### Work task
Drop every picture, then repeat the records exactly.

Input material: Begin

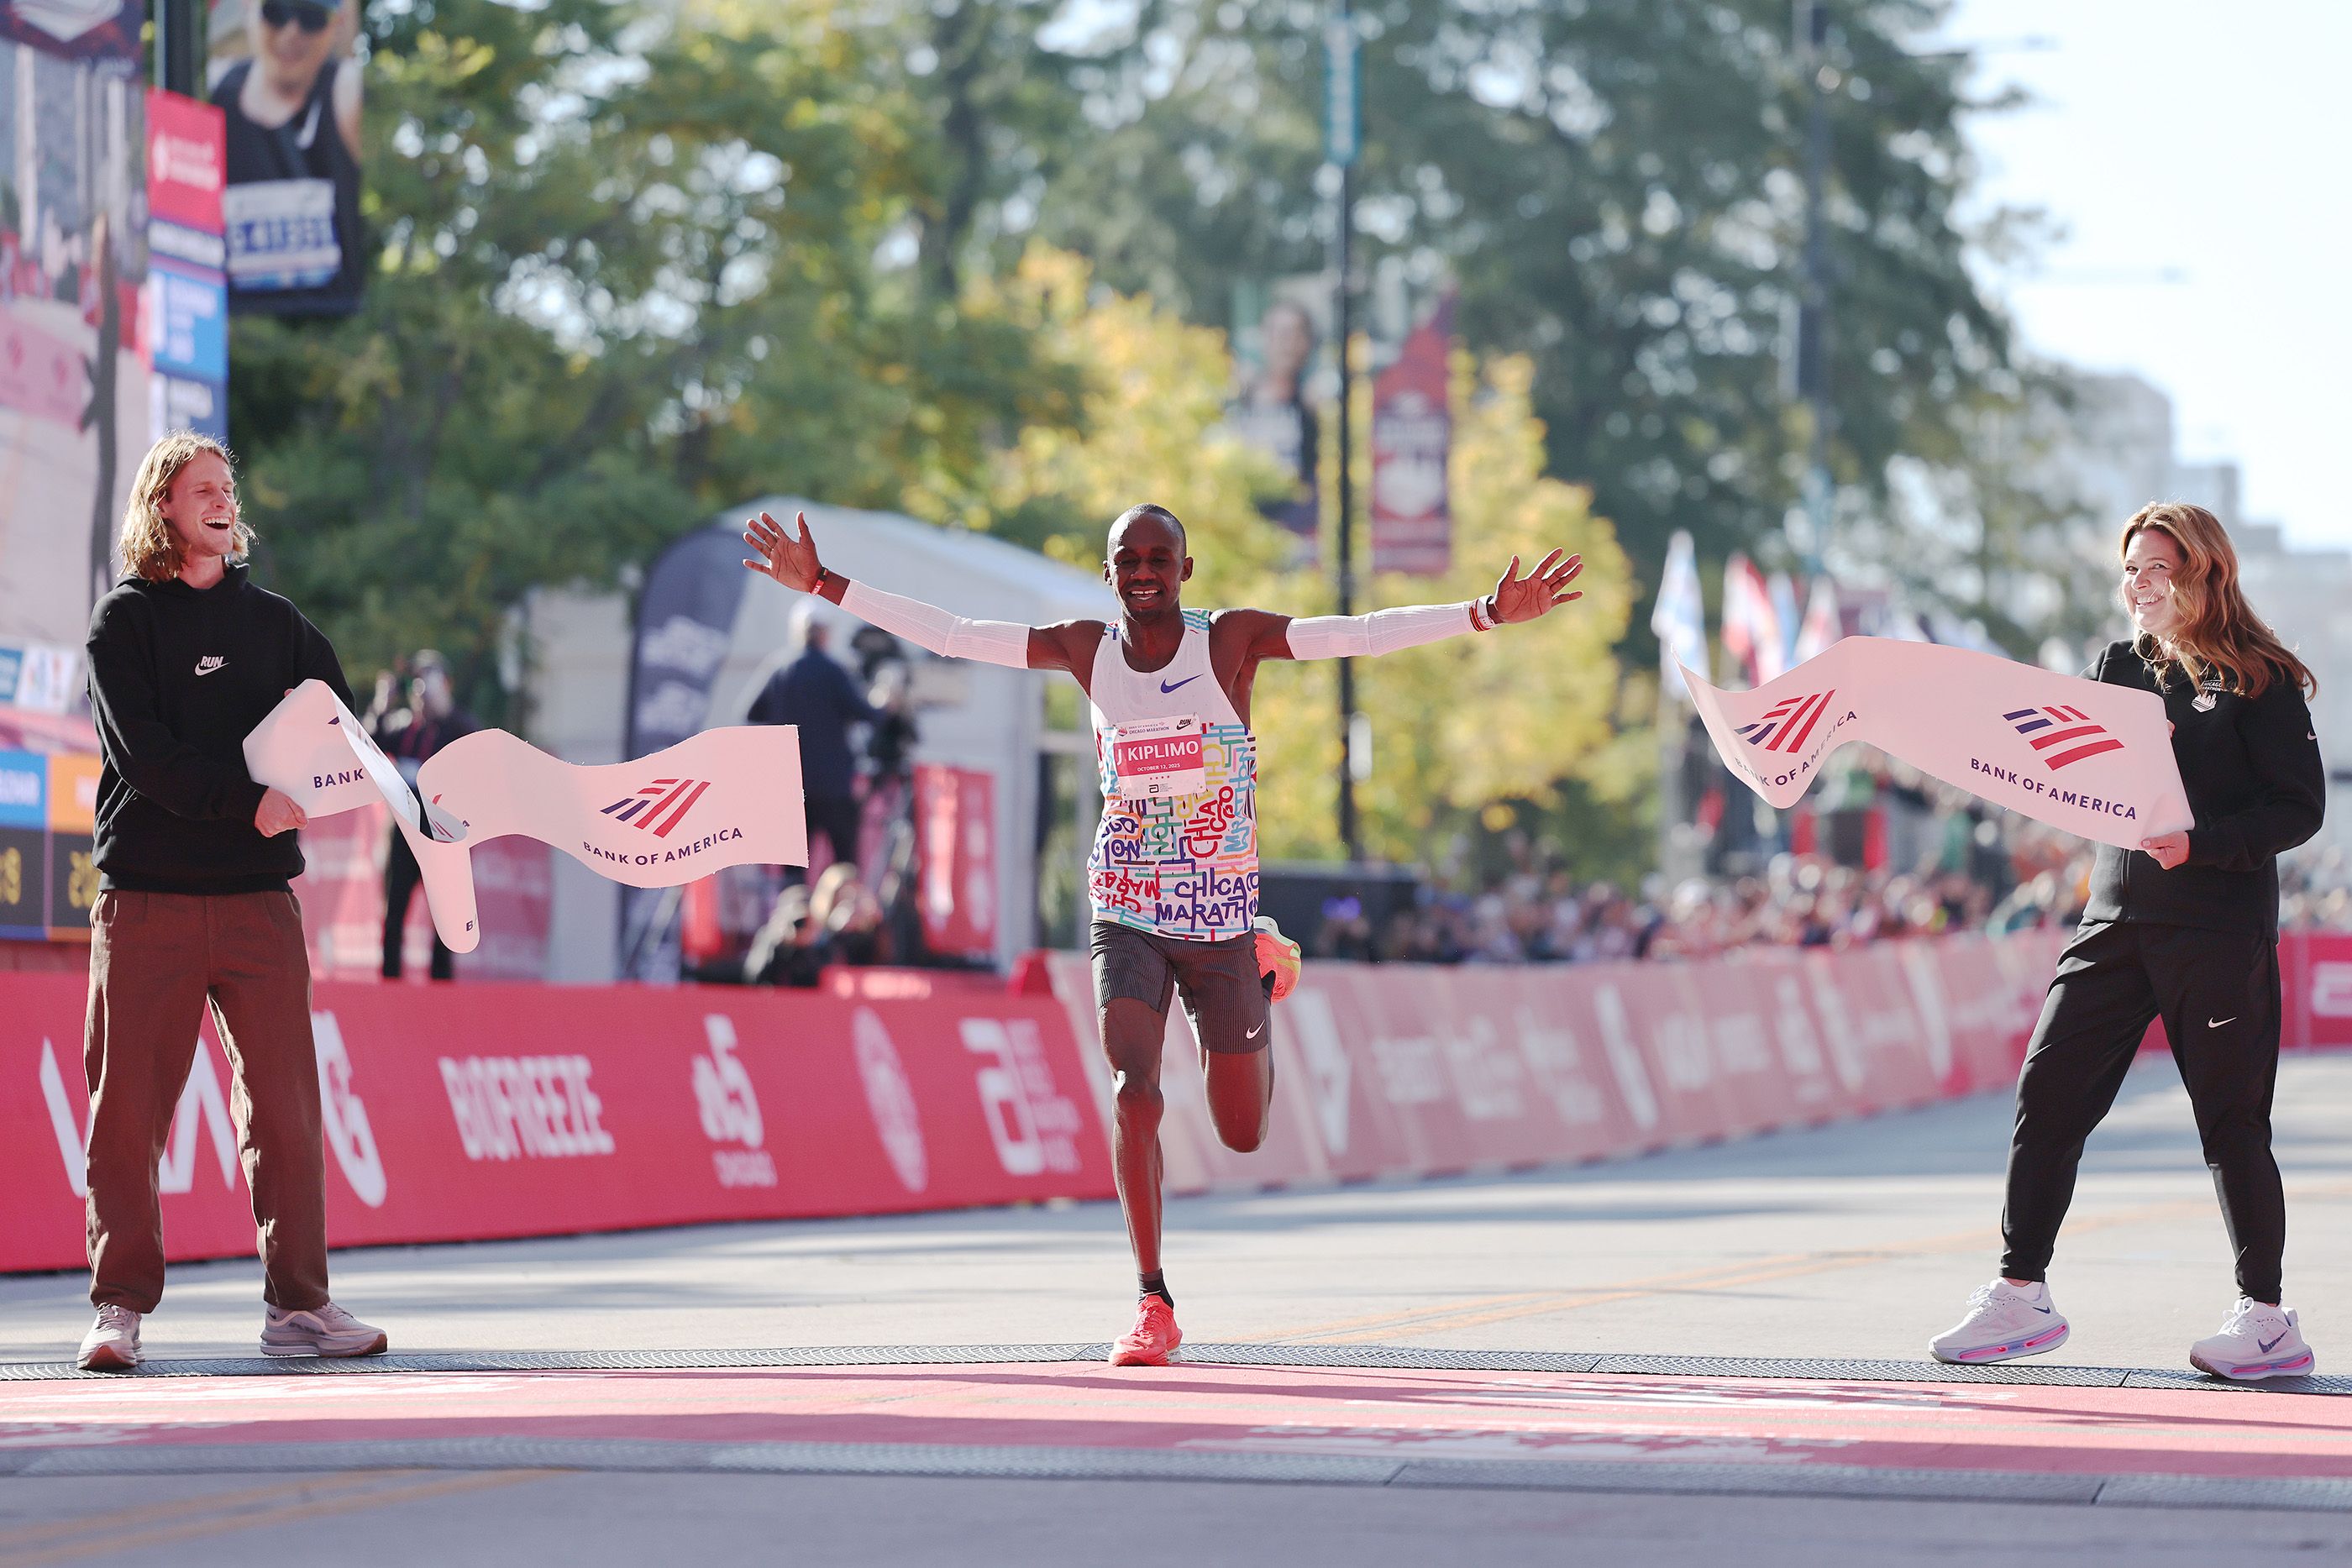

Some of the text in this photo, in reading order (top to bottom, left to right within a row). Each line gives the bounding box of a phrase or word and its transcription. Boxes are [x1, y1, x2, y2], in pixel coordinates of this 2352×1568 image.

[200, 655, 224, 668] RUN
[1116, 740, 1200, 766] J KIPLIMO
[1775, 768, 1797, 786] OF
[1801, 711, 1857, 773] AMERICA
[313, 768, 365, 789] BANK
[1971, 758, 2137, 820] BANK OF AMERICA
[583, 827, 743, 866] BANK OF AMERICA
[438, 1055, 617, 1162] BIOFREEZE
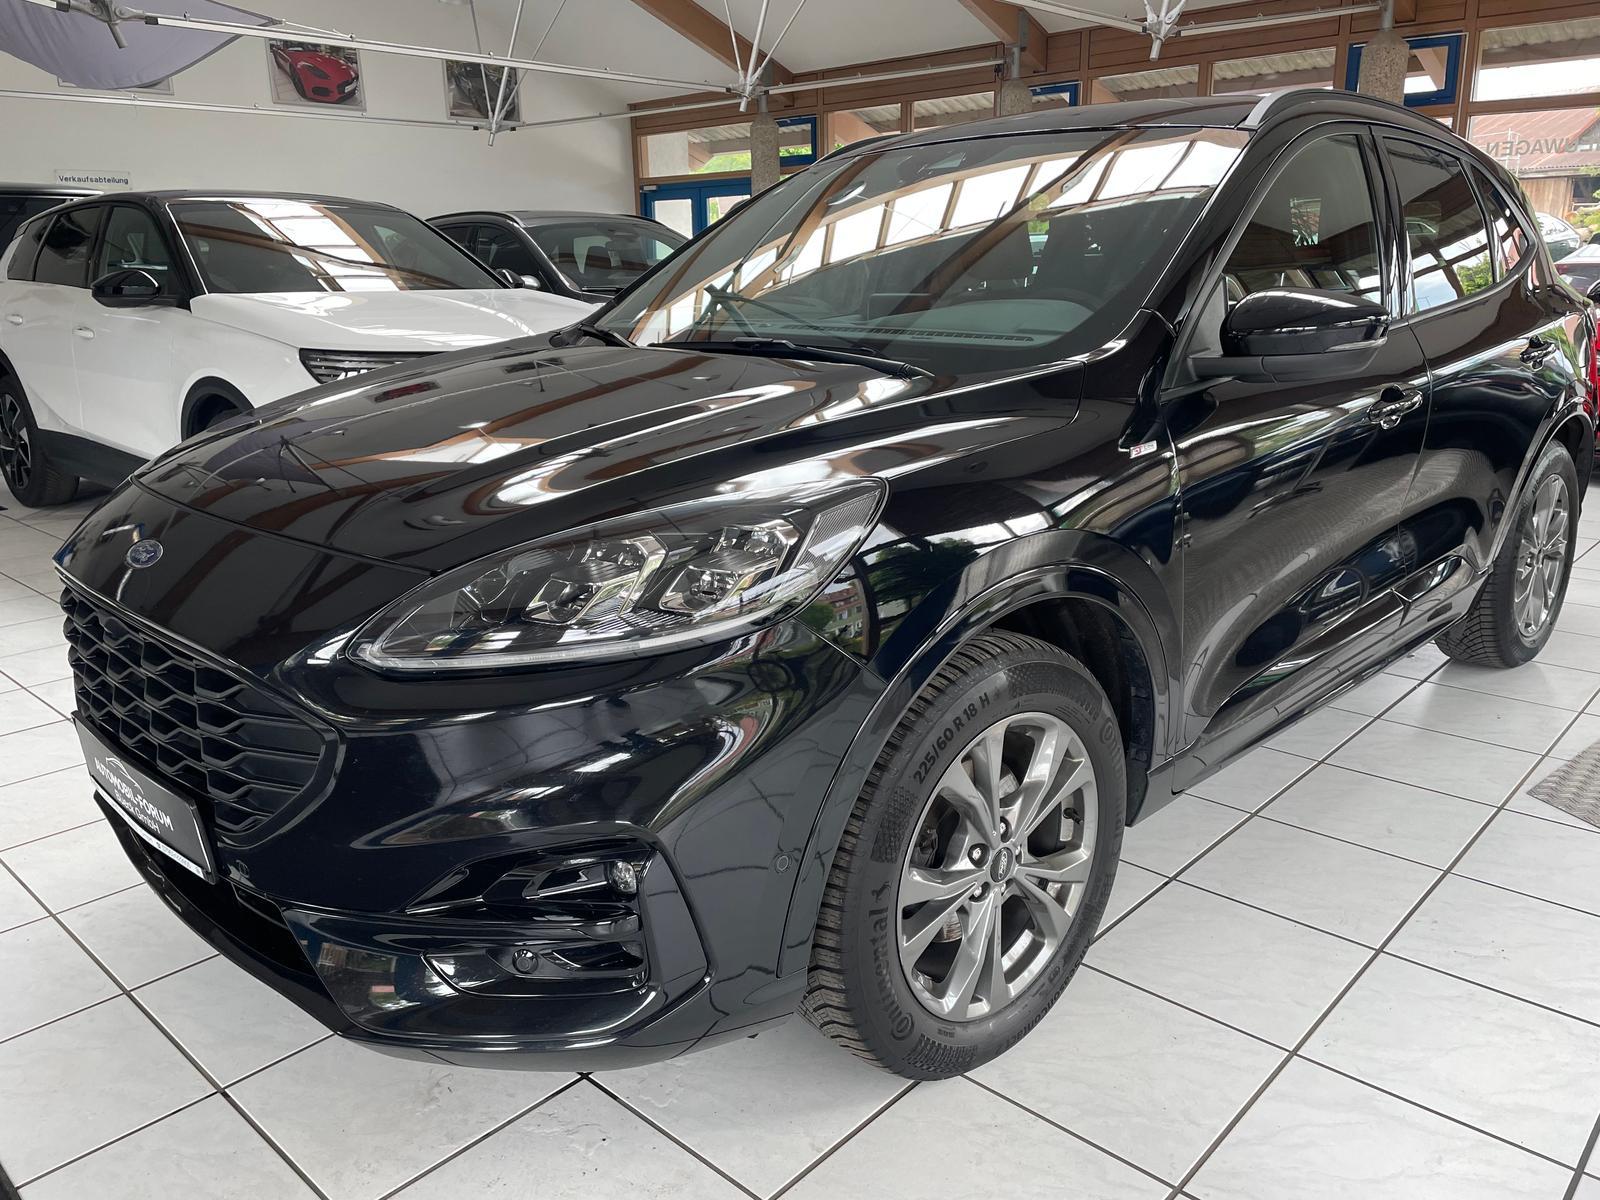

Input material: End

### Result below
Some of the text in this photo, in reading order (top to bottom, left to right within a row). Each line gives the bounding box of a phrase or word and its transcription. Boxes are [x1, y1, x2, y2], in pixel coordinates of this 2352×1568 image.

[200, 655, 224, 668] RUN
[1116, 740, 1200, 766] J KIPLIMO
[1775, 768, 1797, 786] OF
[1801, 711, 1857, 773] AMERICA
[313, 768, 365, 789] BANK
[1971, 758, 2137, 820] BANK OF AMERICA
[583, 827, 743, 866] BANK OF AMERICA
[438, 1055, 617, 1162] BIOFREEZE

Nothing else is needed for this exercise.